Personal information
- Full name: Abdul Rahman Abanda
- Date of birth: 24 August 1990 (age 36)
- Place of birth: Kendari, Indonesia
- Height: 1.81 m (5 ft 11 in)
- Position: Centre-back

Team information
- Current team: Gresik United

Youth career
- 2008: PSM Makassar
- 2009: Perseba Bangkalan

Senior career*
- Years: Team / Apps / (Gls)
- 2010–2011: PPSM Magelang / 13 / (3)
- 2012: Madiun Putra / 5 / (0)
- 2012–2013: Persepar Palangkaraya / 19 / (0)
- 2013–2014: PSM Makassar / 17 / (0)
- 2015–2016: Martapura / 4 / (0)
- 2017: Gresik United / 0 / (0)
- 2017: Persik Kediri / 13 / (3)
- 2018: PSPS Riau / 6 / (1)
- 2018: Persis Solo / 7 / (0)
- 2019: Kalteng Putra / 15 / (0)
- 2020–2021: PSIS Semarang / 2 / (0)
- 2021: → Lalenok United / 0 / (0)
- 2021–2022: Bhayangkara / 4 / (0)
- 2022–2023: Madura United / 1 / (0)
- 2023: Bhayangkara / 6 / (0)
- 2024: Sriwijaya / 3 / (0)
- 2025–2026: RANS Nusantara / 14 / (0)
- 2026–: Gresik United / 0 / (0)

= Abdul Rahman Abanda =

Indonesian footballer (born 1990)

Abdul Rahman Abanda (born 24 August 1990), known as Abanda Rahman, is an Indonesian professional footballer who plays as a centre-back for Liga Nusantara club Gresik United.

==Early life==
His popular nickname "Abanda" comes from when he was volunteering at an orphanage in Makassar in 2005 and the children there gave him the nickname.

==Club career==

===Kalteng Putra===
In 2019, Abanda Rahman signed a one-year contract with Indonesian Liga 1 club Kalteng Putra.
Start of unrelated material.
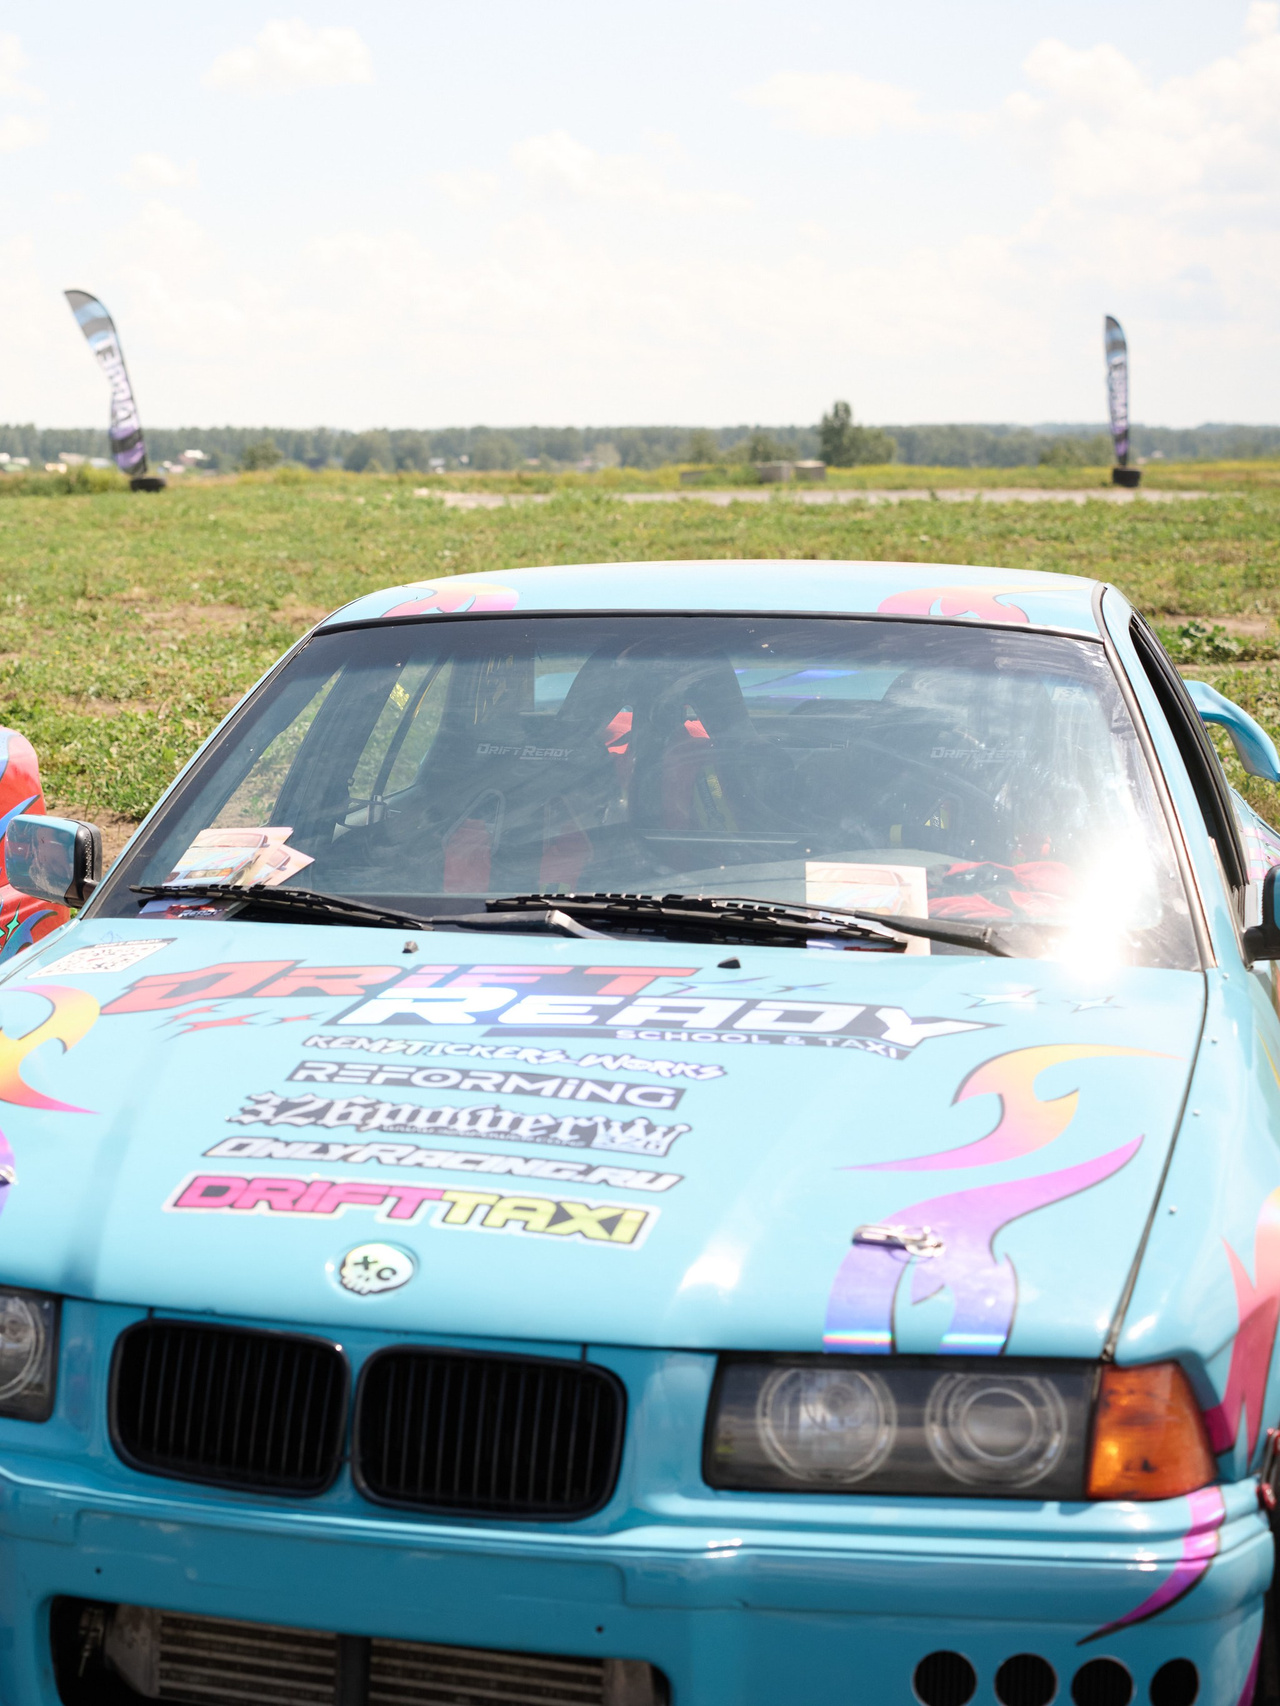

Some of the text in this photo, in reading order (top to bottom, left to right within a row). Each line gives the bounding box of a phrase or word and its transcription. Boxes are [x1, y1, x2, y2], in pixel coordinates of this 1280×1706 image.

[476, 743, 574, 758] DRIFT READY
[99, 960, 700, 1015] DRIFT
[336, 986, 988, 1048] READY
[616, 1029, 899, 1059] SCHOOL & TAXI
He made his league debut on 26 July 2019 in a match against TIRA-Persikabo at the Pakansari Stadium, Cibinong.

===PSIS Semarang===
He was signed for PSIS Semarang to play in Liga 1 in the 2020 season. This season was suspended on 27 March 2020 due to the COVID-19 pandemic. The season was abandoned and was declared void on 20 January 2021.

===Lalenok United===
In January 2021, PSIS Semarang announce Rahman was loaned to Lalenok United. He was recruited to ahead of the Liga Futebol Timor-Leste competition and the AFC Cup play-offs. However, because the competition did not run, the PSIS Semarang withdrew Abanda Rahman.

===Bhayangkara FC===
In 2021, Abanda Rahman signed a contract with Indonesian Liga 1 club Bhayangkara. He made his league debut on 6 December 2021 in a match against Persela Lamongan at the Maguwoharjo Stadium, Sleman.

===Madura United===
Abanda was signed for Madura United to play in Liga 1 in the 2022–23 season. He made his league debut on 20 December 2022 in a match against Arema at the Sultan Agung Stadium, Bantul.

===Bhayangkara FC===
In 2023, Abanda Rahman return to Indonesian Liga 1 club Bhayangkara.